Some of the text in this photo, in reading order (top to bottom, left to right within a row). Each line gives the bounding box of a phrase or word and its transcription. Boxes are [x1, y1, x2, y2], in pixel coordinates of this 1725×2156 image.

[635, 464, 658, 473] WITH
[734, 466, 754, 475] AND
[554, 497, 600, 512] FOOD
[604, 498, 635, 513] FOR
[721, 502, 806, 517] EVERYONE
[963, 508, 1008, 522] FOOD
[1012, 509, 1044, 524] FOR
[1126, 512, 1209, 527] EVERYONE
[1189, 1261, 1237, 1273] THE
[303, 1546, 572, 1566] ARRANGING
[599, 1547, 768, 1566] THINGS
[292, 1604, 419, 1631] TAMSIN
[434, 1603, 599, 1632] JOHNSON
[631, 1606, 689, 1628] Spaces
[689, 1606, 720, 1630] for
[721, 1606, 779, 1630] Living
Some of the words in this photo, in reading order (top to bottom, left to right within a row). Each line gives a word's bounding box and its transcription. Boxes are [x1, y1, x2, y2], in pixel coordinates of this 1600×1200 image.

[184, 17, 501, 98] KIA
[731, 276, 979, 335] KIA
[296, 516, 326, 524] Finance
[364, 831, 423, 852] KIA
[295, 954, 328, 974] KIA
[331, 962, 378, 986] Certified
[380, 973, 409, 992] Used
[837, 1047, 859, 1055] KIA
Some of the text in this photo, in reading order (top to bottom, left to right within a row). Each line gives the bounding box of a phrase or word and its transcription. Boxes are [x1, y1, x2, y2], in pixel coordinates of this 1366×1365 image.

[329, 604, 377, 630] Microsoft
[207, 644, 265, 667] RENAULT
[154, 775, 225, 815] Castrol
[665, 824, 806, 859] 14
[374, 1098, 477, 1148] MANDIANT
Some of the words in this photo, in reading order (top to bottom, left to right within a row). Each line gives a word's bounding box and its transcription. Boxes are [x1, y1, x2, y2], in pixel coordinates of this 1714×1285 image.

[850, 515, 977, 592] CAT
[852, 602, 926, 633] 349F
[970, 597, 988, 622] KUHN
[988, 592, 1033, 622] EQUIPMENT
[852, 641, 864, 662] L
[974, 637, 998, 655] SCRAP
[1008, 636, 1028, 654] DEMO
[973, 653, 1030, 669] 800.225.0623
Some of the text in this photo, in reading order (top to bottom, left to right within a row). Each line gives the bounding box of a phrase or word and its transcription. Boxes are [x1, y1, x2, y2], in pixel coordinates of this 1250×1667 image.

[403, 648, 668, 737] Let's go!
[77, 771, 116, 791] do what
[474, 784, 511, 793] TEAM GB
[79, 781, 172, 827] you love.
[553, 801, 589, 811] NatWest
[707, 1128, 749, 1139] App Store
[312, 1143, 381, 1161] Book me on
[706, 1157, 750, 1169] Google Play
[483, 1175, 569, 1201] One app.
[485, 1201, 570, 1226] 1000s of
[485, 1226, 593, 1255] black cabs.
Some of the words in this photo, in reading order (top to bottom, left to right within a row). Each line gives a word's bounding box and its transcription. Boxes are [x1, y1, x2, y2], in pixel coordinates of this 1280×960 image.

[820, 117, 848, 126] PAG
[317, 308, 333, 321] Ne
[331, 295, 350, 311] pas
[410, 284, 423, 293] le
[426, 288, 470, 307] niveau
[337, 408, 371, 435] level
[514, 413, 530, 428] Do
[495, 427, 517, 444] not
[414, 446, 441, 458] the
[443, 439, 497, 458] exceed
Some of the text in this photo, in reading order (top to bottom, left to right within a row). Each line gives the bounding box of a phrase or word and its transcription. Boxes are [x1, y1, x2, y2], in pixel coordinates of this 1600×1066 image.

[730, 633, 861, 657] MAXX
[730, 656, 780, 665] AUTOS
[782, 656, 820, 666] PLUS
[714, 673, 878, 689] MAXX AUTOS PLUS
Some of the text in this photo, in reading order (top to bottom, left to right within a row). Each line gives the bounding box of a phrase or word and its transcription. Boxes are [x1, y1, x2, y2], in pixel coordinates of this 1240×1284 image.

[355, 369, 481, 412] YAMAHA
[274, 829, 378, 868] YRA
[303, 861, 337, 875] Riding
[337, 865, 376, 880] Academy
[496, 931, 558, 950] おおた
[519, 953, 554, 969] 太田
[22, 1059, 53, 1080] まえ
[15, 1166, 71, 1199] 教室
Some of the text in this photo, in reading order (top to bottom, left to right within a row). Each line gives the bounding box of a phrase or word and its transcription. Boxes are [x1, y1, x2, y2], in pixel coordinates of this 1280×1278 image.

○ ○ ○ ○ ○ ○ ○

» ACTION ITEM: Please reproduce the entire listing, exactly as shown.

» FINISHED EXERCISE:
Some of the text in this photo, in reading order (top to bottom, left to right within a row). Each line gives the bounding box of a phrase or word and its transcription. Boxes are [x1, y1, x2, y2], in pixel coordinates of this 1725×2156 image.

[635, 464, 658, 473] WITH
[734, 466, 754, 475] AND
[554, 497, 600, 512] FOOD
[604, 498, 635, 513] FOR
[721, 502, 806, 517] EVERYONE
[963, 508, 1008, 522] FOOD
[1012, 509, 1044, 524] FOR
[1126, 512, 1209, 527] EVERYONE
[1189, 1261, 1237, 1273] THE
[303, 1546, 572, 1566] ARRANGING
[599, 1547, 768, 1566] THINGS
[292, 1604, 419, 1631] TAMSIN
[434, 1603, 599, 1632] JOHNSON
[631, 1606, 689, 1628] Spaces
[689, 1606, 720, 1630] for
[721, 1606, 779, 1630] Living
Some of the words in this photo, in reading order (top to bottom, left to right within a row). Each line gives a word's bounding box and its transcription. Boxes are [x1, y1, x2, y2], in pixel coordinates of this 1600×1200 image.

[184, 17, 501, 98] KIA
[731, 276, 979, 335] KIA
[296, 516, 326, 524] Finance
[364, 831, 423, 852] KIA
[295, 954, 328, 974] KIA
[331, 962, 378, 986] Certified
[380, 973, 409, 992] Used
[837, 1047, 859, 1055] KIA
Some of the text in this photo, in reading order (top to bottom, left to right within a row). Each line gives the bounding box of a phrase or word and its transcription. Boxes are [x1, y1, x2, y2], in pixel coordinates of this 1366×1365 image.

[329, 604, 377, 630] Microsoft
[207, 644, 265, 667] RENAULT
[154, 775, 225, 815] Castrol
[665, 824, 806, 859] 14
[374, 1098, 477, 1148] MANDIANT
Some of the words in this photo, in reading order (top to bottom, left to right within a row). Each line gives a word's bounding box and its transcription. Boxes are [x1, y1, x2, y2], in pixel coordinates of this 1714×1285 image.

[850, 515, 977, 592] CAT
[852, 602, 926, 633] 349F
[970, 597, 988, 622] KUHN
[988, 592, 1033, 622] EQUIPMENT
[852, 641, 864, 662] L
[974, 637, 998, 655] SCRAP
[1008, 636, 1028, 654] DEMO
[973, 653, 1030, 669] 800.225.0623
Some of the text in this photo, in reading order (top to bottom, left to right within a row). Each line gives the bounding box of a phrase or word and its transcription. Boxes are [x1, y1, x2, y2], in pixel coordinates of this 1250×1667 image.

[403, 648, 668, 737] Let's go!
[77, 771, 116, 791] do what
[474, 784, 511, 793] TEAM GB
[79, 781, 172, 827] you love.
[553, 801, 589, 811] NatWest
[707, 1128, 749, 1139] App Store
[312, 1143, 381, 1161] Book me on
[706, 1157, 750, 1169] Google Play
[483, 1175, 569, 1201] One app.
[485, 1201, 570, 1226] 1000s of
[485, 1226, 593, 1255] black cabs.
Some of the words in this photo, in reading order (top to bottom, left to right within a row). Each line gives a word's bounding box and its transcription. Boxes are [x1, y1, x2, y2], in pixel coordinates of this 1280×960 image.

[820, 117, 848, 126] PAG
[317, 308, 333, 321] Ne
[331, 295, 350, 311] pas
[410, 284, 423, 293] le
[426, 288, 470, 307] niveau
[337, 408, 371, 435] level
[514, 413, 530, 428] Do
[495, 427, 517, 444] not
[414, 446, 441, 458] the
[443, 439, 497, 458] exceed
Some of the text in this photo, in reading order (top to bottom, left to right within a row). Each line gives the bounding box of a phrase or word and its transcription. Boxes are [x1, y1, x2, y2], in pixel coordinates of this 1600×1066 image.

[730, 633, 861, 657] MAXX
[730, 656, 780, 665] AUTOS
[782, 656, 820, 666] PLUS
[714, 673, 878, 689] MAXX AUTOS PLUS
Some of the text in this photo, in reading order (top to bottom, left to right within a row). Each line gives the bounding box of a phrase or word and its transcription. Boxes are [x1, y1, x2, y2], in pixel coordinates of this 1240×1284 image.

[355, 369, 481, 412] YAMAHA
[274, 829, 378, 868] YRA
[303, 861, 337, 875] Riding
[337, 865, 376, 880] Academy
[496, 931, 558, 950] おおた
[519, 953, 554, 969] 太田
[22, 1059, 53, 1080] まえ
[15, 1166, 71, 1199] 教室
Some of the text in this photo, in reading order (top to bottom, left to right within a row). Each line gives the bounding box of a phrase or word and its transcription. Boxes are [x1, y1, x2, y2], in pixel coordinates of this 1280×1278 image.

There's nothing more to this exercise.